The prevalence of STH in our study was 13.2% and was highest among the age group 12-17 years, as shown in our study (38, 27.94%). Hookworm was the most prevalent specie (27, 40.91%) followed by Entamoeba histolytica (19, 28.79%) and the least prevalent was S. stercoralis (8,12.12%). Infections with hookworm are common in Nigeria, particularly in children, depriving them of the essential nutrients needed for growth and development.[15] Odinaka et al. (2015) showed 30.3% STH prevalence and similarly observed hookworm as the most prevalent specie (81, 94.2%), with the least common being A. lumbricoides (2, 2.3%).[7] Adefioye et al. (2011) had a higher prevalence of 52.0%, highest among the age group ≥15 years, but in contrast recorded A. lumbricoides as the most prevalent (36.2%) followed by hookworm (10.5%).[13] Ibidapo et al. (2008) recorded an overall prevalence of 83.3% with Ascaris lumbricoides (67.7%) being the most prevalent followed by hookworm (45.0%), Trichuris trichiuria (31.3%), and the least prevalent being S. stercoralis (18.0%).[15] One of the main ways that ascariasis spreads among schoolchildren is through dirty hands. Due to their unclean play environment and frequent dipping of contaminated hands in their mouths, toddlers have also shown high positive rates for STHs.[15] In our study the sources of drinking water played a significant role in STH transmission (p<0.05), even in cases where there is no increase in the availability of clean water or sanitation, it is recommended that Nigeria treat SAC on a regular basis, as well as other vulnerable populations like pregnant women, pre-schoolers, and people in particular occupation groups, in order to help prevent the worst consequences of infection.[15]

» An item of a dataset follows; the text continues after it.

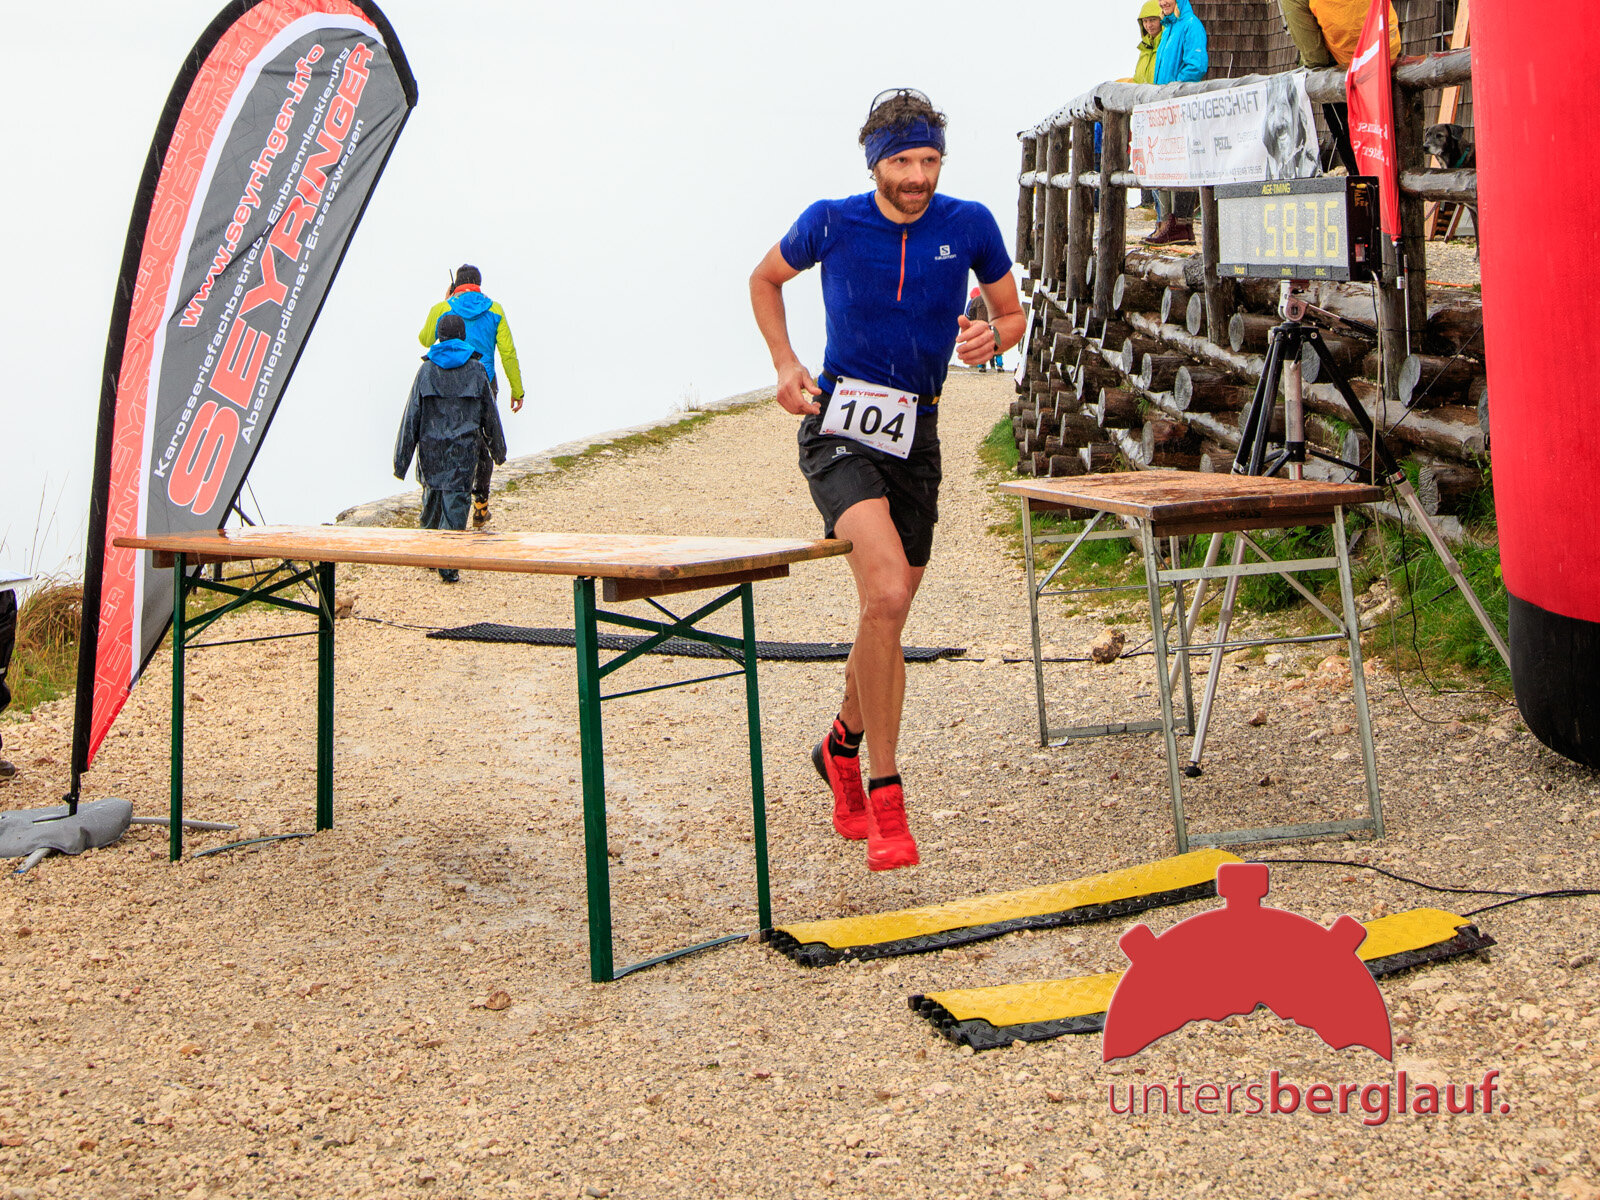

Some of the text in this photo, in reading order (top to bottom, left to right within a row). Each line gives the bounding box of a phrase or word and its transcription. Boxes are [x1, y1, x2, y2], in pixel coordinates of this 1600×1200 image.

[167, 42, 375, 516] SEYRINGER
[178, 43, 326, 328] www.seyringer.info
[840, 399, 905, 443] 104

Low positive rates for S. stercoralis may have resulted from the dry environmental conditions experienced between July and December, as these parasites’ ova are known to be susceptible to destruction.[13] The variation in prevalence could also be related to differences in survey timing and season, environmental conditions, and other geographical characteristics in the studied sites. Furthermore, the most popular diagnostic techniques for detecting STH, like Kato-Katz and direct fecal smear, have poor sensitivity for S. stercoralis and occasionally may not detect it at all. Under diagnosis of threadworm might result from these diagnostic challenges, which are frequently caused by the irregular excretion of parasite larvae.[16]
The lower prevalence may also be due to regular deworming in the community. Hence, it is imperative to constantly evaluate the prevalence of intestinal helminths among children and young adults, owing to the ill-effects posed by these parasites among the vulnerable groups.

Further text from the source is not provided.